● **Exercise requirements**:
Your answer must be the records below repeated word for word, with no pictures in it.

Stored data entries:
• • • • •

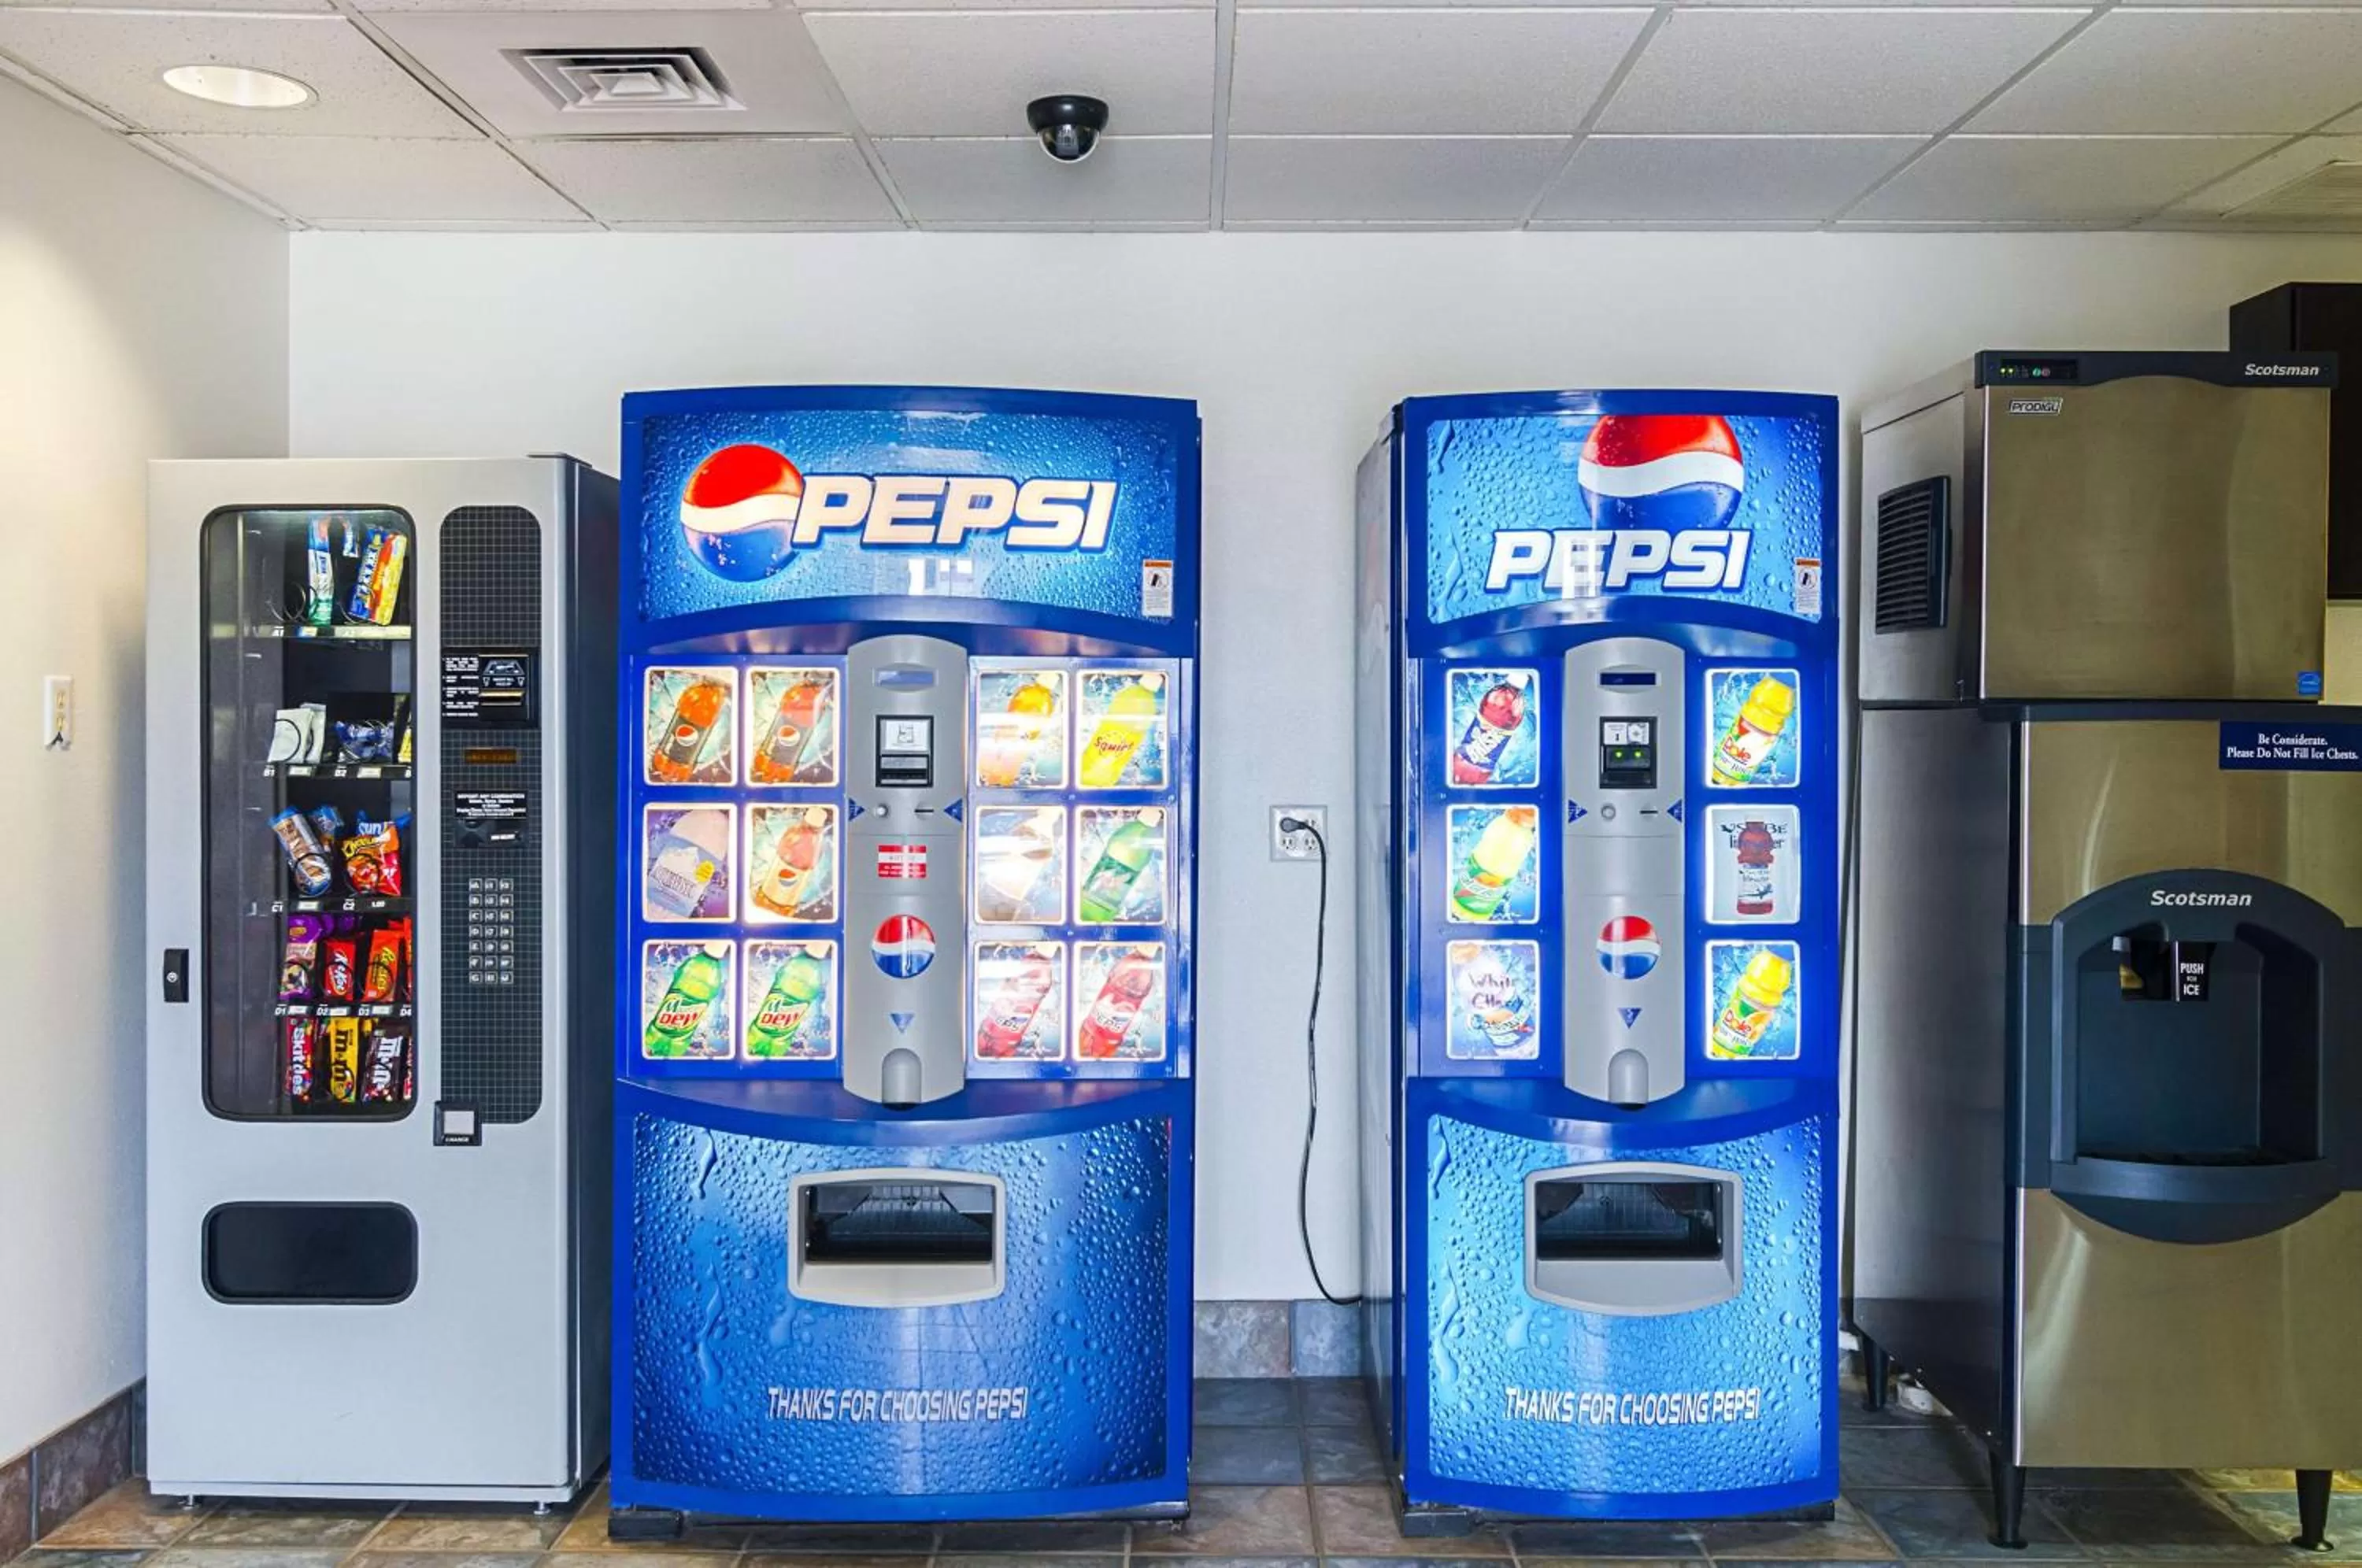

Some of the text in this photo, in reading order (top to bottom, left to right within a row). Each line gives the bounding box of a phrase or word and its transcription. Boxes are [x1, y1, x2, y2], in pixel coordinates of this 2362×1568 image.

[2245, 363, 2319, 375] Scotsman
[791, 475, 1116, 549] PEPSI
[1486, 531, 1750, 589] PEPSI
[2258, 733, 2328, 745] Be Considerate.
[2227, 747, 2359, 760] Please Do Not Fill Ice Chests.
[2150, 889, 2253, 906] Scotsman
[2180, 963, 2204, 974] PUSH
[2183, 984, 2200, 996] ICE
[768, 1386, 1029, 1422] THANKS FOR CHOOSING PEPSI
[1505, 1387, 1761, 1426] THANKS FOR CHOOSING PEPSI

• • • • •

● **Exercise solution**:
Some of the text in this photo, in reading order (top to bottom, left to right within a row). Each line gives the bounding box of a phrase or word and its transcription. Boxes are [x1, y1, x2, y2], in pixel coordinates of this 2362×1568 image.

[2245, 363, 2319, 375] Scotsman
[791, 475, 1116, 549] PEPSI
[1486, 531, 1750, 589] PEPSI
[2258, 733, 2328, 745] Be Considerate.
[2227, 747, 2359, 760] Please Do Not Fill Ice Chests.
[2150, 889, 2253, 906] Scotsman
[2180, 963, 2204, 974] PUSH
[2183, 984, 2200, 996] ICE
[768, 1386, 1029, 1422] THANKS FOR CHOOSING PEPSI
[1505, 1387, 1761, 1426] THANKS FOR CHOOSING PEPSI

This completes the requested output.